The iconic India Club restaurant located in Hotel Strand Continental in London, is poised to bid farewell to its patrons as it prepares to cease operations next month. The restaurant which has links to India’s freedom movement was founded in the 1950s by the members of India League, the London-based organisation which supported India’s freedom movement.
According to a BBC report, India Club was founded as a space for the Indian immigrants to meet each other and socialise. It has a historical significance for the South Asian community in London. The founding members of India League included VK Krishna Menon, the first Indian High Commission to the United Kingdom and India’s first Prime Minister Pandit Jawahalal Nehru, among others.
The founding chair at the Centre of Migration and Diaspora Studies in the School of Oriental and African Studies (SOAS), Parvathi Raman told PTI, "Krishna intended that the India Club to be a place where young Indians living on a shoestring could afford to eat, discuss politics and plan their futures."
Although the India Club had won a battle to preserve the building from demolition a few years back, now even after the present proprietors Yadgar Marker and his daughter Phiroza’s "Save India Club" movement, they had to announce the closure of the club.

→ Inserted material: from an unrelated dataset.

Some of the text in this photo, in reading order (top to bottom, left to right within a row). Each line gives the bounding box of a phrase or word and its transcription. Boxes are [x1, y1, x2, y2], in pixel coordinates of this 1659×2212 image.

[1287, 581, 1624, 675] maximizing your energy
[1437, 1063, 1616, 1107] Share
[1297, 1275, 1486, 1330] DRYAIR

As reported by PTI, Yadgar and his daughter said, "Since its opening over 70 years ago, the India Club has been a home-away-from-home to the first-generation immigrants from India, as well as a community space for Indo-British groups."
"It is with a very heavy heart that we are announcing the closure of the India Club, with our last day open to the public on September 17." they added.
According to the BBC report, the Markers bought the lease to the property in the 1990s.
Meanwhile, Congress MP Shashi Tharoor tweeted sharing his father’s association with the iconic restaurant.
"An excellent piece on the much-lamented imminent demise of a British-Indian institution, the India Club, founded in 1951 by Krishna Menon and a few tireless youngsters like my father Chandran Tharoor," Tharoor wrote.
In the 1950s and 60s, India Club was the only place for meetings of Indians, according to Kusoom Vadgama, a historian who regularly visited the Club after she moved to the UK in 1953, the BBC report added.
The interiors of the Club were designed to exhibit the coffee shops of pre-independence India and the chandeliers, tables and straight-backed chairs of the Club remained largely unchanged since it was opened in the 1950s, the report added.